How to Succeed in Business After an Election Year

By Jessica Sillers

When a global pandemic, devastating wildfires, and murder hornets are only a few of the top news stories, you know it’s no ordinary year. On top of all the economic, social, and environmental challenges businesses have faced this year, we’re also closing in on a national election. How will that impact your business?

While this year (and this election) come with unique concerns, businesses weather elections every four years. We’ll take a look at past trends and highlight areas business owners should watch to succeed in 2020, 2021, and beyond.

How Election Years Impact Business

The stock market historically tends to respond poorly to times of great uncertainty. In times of major political or social unrest, it makes sense that people’s anxiety could reflect in economic trends, too. The S&P 500 shows a trend of volatile markets in election years where the incumbent party ultimately lost. Current polls favor former Vice President Biden over President Trump. The increase in mail-in ballots, which take longer to process and count, can also contribute to uncertainty and possible stock market volatility.

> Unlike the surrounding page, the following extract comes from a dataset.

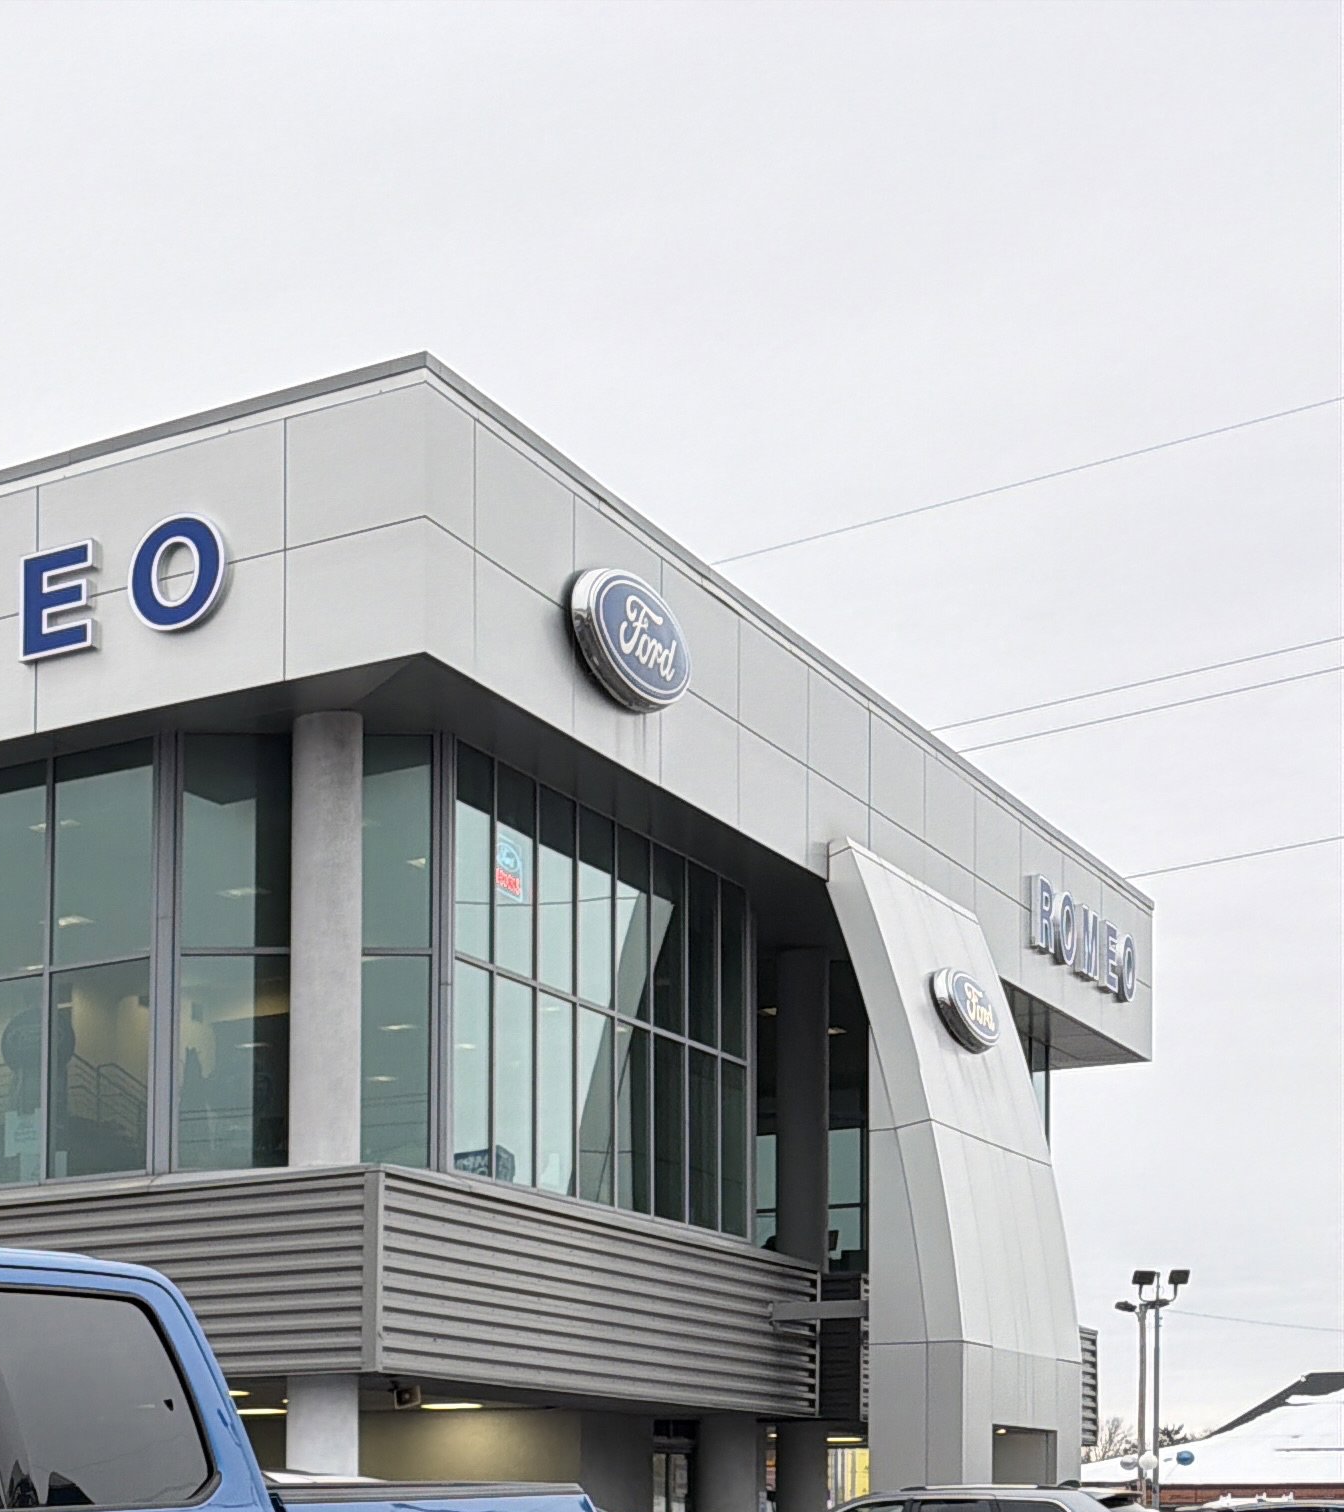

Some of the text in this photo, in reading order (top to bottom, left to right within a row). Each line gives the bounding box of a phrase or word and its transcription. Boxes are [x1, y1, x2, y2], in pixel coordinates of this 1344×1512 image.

[619, 594, 677, 682] Ford
[1032, 874, 1137, 1002] ROMEO
[964, 981, 996, 1031] Ford

Some good news is that the same S&P 500 data indicates that markets tend to improve by 6 months after the election, whether the incumbent party wins or loses. That is of course not to say that it doesn’t matter who wins. But there’s some historic precedent to suggest that markets may settle back into a steady pattern in a matter of months, even if there’s more volatility in the period surrounding the election.

How Business Will Change After the Election

The actual economic policies a president enacts are more important to many businesses than temporary market volatility in election season. Several major aspects of business policy are up for debate. The results of which party takes command of the White House and the Senate will impact how many companies do business. Here are a few top sectors to watch.

Trade

Tariffs and the United States’ tactics in trade negotiations with China are two important issues on the table.

Healthcare

Is the next administration likelier to expand the Affordable Care Act or attempt to repeal it? Business owners would do well to keep an eye out, especially if new policies set requirements for what companies must offer employees.

Taxes

The Trump administrations’ Tax Cuts and Jobs Act reduced corporate taxes from 35% to 21%. Biden has proposed a plan to raise corporate taxes to 28%, although he would likely depend on a Democrat-controlled Senate to pass his plan.

Minimum wage

Both candidates have expressed at least some support for an increased minimum wage, but they differ on whether this change should come from the federal government or be decided by individual states.

Economic stimulus and pandemic relief

Businesses and individuals are eager to know what aid they can expect from the government to overcome the financial impact of the coronavirus crisis.

One note to keep in mind is that this is an especially tumultuous year on several fronts. Political and social divides feel more stark than in many past elections. There’s been questions about how to ensure voting is safe, legal, and fair. There’s even been uncertainty about whether both parties will accept the outcome of the election. Protests are a distinct possibility no matter which candidate comes out victorious. Not to mention that the pandemic and the related economic instability continues to make daily business operations unusually challenging.

All of these factors mean it’s more difficult than usual to predict what businesses can expect to face in coming months.

How to Prepare as a Business to Grow After an Election Year

While you can’t control the outcome of an election, you can take action early to put your business in a good position for success.

Prioritize your website

Businesses that aren’t prioritizing their online presence are well behind the curve. Online business is an important segment of the market. Especially after 2020 has made many people leery of excessive face-to-face interaction, it’s important to have a well-managed virtual experience.

Update and automate internal processes

One result of the pandemic is a huge increase in remote work. Keep operations flowing smoothly with software solutions you can access from anywhere. Automating as much as possible makes coordinating updates quick and easy.

Adopt a resilient mindset

Whatever happens politically, we’re unlikely to wake up on November 4 or January 21 in a completely different world. We’ll still be navigating a world affected by pandemic for quite some time, for example. The businesses with the best chance of success are the ones already seeking innovative new practices and solutions that meet the “new normal.”

Check in with your people

What problems are top of mind for your clients, and how can you solve them? If you’ve returned to travel, what accommodations do your business travelers need to travel safely and perform at their best? Now is a great time to see how you can use your resources to best effect for both employee morale and retention, and customer engagement and loyalty.

In Summary

The news cycle can get overwhelming in an election year, and it’s true that you can’t predict every possible outcome. Still, that doesn’t mean you should sit back and wait to see what happens. Business owners can take action now so they’re best poised to anticipate and overcome challenges and use new opportunities effectively.